Statistical Analysis
First, to examine in detail the factor structure of the GAD-7, namely unidimensional, two-dimensional, and bi-factor models, a confirmatory factor analysis of the GAD-7 was conducted using three populations (n = 1,447). The fits of the three factor models to the data were compared using the full information maximum likelihood method. In this analysis, we used the following fit indices: chi-square, root mean square error of approximation (RMSEA), Akaike information criterion (AIC), Bayesian information criterion (BIC), comparative fit index (CFI), and standardized root mean square residual (SRMR). We examined goodness-of-fit indices according to the standards used in past research (Kline, 2015): the chi-square test (χ2) should not be significant, RMSEA should be <0.10 for acceptable fit and <0.06 for good fit, CFI should be ≥0.90 for acceptable fit and >0.95 for good fit, and SRMR should be <0.10 for acceptable fit and <0.08 for good fit.

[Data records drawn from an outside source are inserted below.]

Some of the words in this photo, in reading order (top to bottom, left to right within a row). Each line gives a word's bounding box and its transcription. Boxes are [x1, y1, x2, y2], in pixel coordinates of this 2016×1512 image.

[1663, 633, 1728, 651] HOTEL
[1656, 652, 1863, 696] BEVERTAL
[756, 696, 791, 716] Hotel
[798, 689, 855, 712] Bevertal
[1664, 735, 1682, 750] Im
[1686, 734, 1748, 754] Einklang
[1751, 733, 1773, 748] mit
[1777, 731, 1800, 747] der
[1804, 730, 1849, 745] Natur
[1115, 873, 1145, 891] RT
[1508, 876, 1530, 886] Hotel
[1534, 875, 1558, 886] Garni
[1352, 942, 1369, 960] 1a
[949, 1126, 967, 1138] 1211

Second, to examine the measurement invariance across self-reported non-MDD/AD, self-reported AD status, and self-reported AD with MDD status groups, a multi-group confirmatory factor analysis (Gregorich, 2006) was conducted. We conducted the multi-group confirmatory factor analysis between the self-reported non-MDD/AD and self-reported AD status groups, and then conducted the analysis between the self-reported AD status and self-reported AD with MDD status groups. In this analysis, we constructed six increasingly restrictive models: in Model 1, all parameters were free (configural invariance); in Model 2, loadings were invariant (metric invariance); in Model 3, loadings and intercepts were invariant (scalar invariance); in Model 4, loadings, intercepts, and residuals were invariant (error variance invariance); and in Model 5, loadings, intercepts, residuals, and factor means were invariant (factor variance invariance). As in conventional confirmatory factor analysis, we used RMSEA, AIC, BIC, CFI, and SRMR as fit indices and the same standards for acceptable fit. The criterion for adopting the model is the following: a difference of less than 0.01 in the ΔCFI index supports the less parameterized model (Cheung and Rensvold, 2002).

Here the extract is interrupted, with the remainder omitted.